The finance ministry said the changes were technical in nature and were meant to streamline the existing structure of rates. “The decision comes as something of a surprise.
After all, it goes against the grain of the recent fiscal developments, which have tended to lead to a looser fiscal stance, for example, the cut to excise duties on fuel,” Shah said.
The more significant impact of the GST hikes will be on inflation, specifically for food. As a result of the changes, foods that account for around 15 per cent of the consumer-price -inflation basket are now subject to a 5 per cent tax if they are unbranded and pre-packaged, from zero previously.
“Assuming a quarter of those foods meet that (unbranded) definition, that would add to 0.2 percentage points to headline inflation. Additionally, higher taxes on inputs for processed grains, pulses and dairy, which account for almost 20 per cent of the CPI basket, will put further upward pressure on consumer prices,” he said. “Our rough estimate suggests that they could boost headline inflation by up to 0.3 percentage points from August onwards.”

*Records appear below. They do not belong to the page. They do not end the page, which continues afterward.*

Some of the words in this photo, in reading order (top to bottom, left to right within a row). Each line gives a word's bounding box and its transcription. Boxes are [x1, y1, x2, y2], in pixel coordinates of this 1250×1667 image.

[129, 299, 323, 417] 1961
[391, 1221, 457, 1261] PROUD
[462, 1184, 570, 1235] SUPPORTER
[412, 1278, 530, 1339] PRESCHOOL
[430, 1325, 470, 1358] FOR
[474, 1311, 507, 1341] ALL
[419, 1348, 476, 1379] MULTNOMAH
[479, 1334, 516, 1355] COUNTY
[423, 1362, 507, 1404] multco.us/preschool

Yuvika Singhal, an economist at QuantEco Research, said: “While the focus of the GST Council has been on rationalising rates and rectifying the inverted duty structure, the imposition of GST on some of the food items of mass consumption is bound to add to an upside to food inflation and perhaps marginally to inflation expectations. ” “The inflation impact of GST rate rationalisation undoubtedly will be more pronounced on lower-income households, though difficult to quantify.” She said the impact would be seen on the July and August inflation data.

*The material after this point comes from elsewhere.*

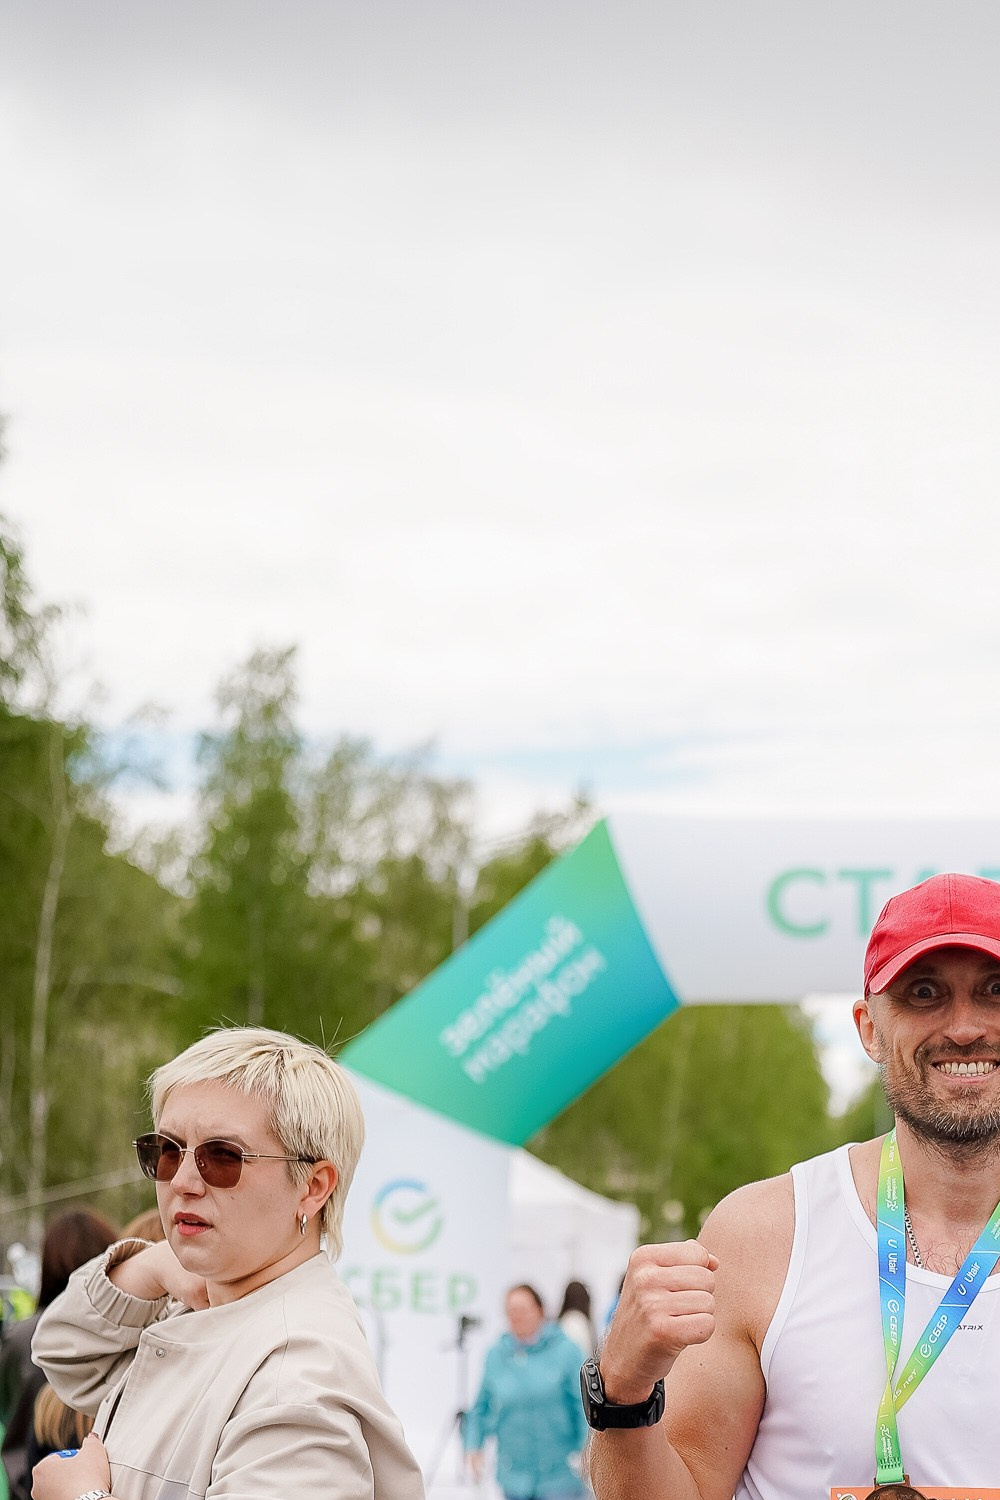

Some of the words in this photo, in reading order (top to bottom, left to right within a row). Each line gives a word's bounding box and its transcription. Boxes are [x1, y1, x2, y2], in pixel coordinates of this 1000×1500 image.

[887, 1252, 898, 1275] Utair
[964, 1262, 981, 1283] Utair
[889, 1314, 898, 1347] СБЕР
[928, 1314, 949, 1344] СБЕР

“The GST Council has decided to include pre-packed and pre-labelled foodgrain and other items under the GST tax slab of 5 per cent which will make small manufacturers and traders uncompetitive in the market,” Praveen Khandelwal, National Secretary General, Confederation of Indian Traders (CAIT), said.

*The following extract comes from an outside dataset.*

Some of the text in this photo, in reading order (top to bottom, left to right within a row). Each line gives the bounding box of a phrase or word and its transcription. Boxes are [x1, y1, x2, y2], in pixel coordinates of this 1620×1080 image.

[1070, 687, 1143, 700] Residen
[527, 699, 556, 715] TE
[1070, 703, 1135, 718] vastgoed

“Any rate rationalisation to boost state revenues at the brink of the end of the GST compensation era triggers fears of higher prices, at a time high inflation already poses a concern,” Aditi Nayar, chief economist, Icra, said. The move may shift preferences towards branded items and level the playing field between branded and unbranded items. The consumer price index-based inflation is hovering at record high levels of over 7 per cent, forcing the RBI to hike the repo rate by 90 basis points in two straight months.
Rate racks
The GST Council also raised the rates on pre-packed and labelled meat, except frozen, honey and dried leguminous vegetables.
All goods with organic manure and with pith compost will attract a 5 per cent tax rate.
The inverted duty for a host of items, including edible oil, coal, LED lamps and solar water heater was corrected.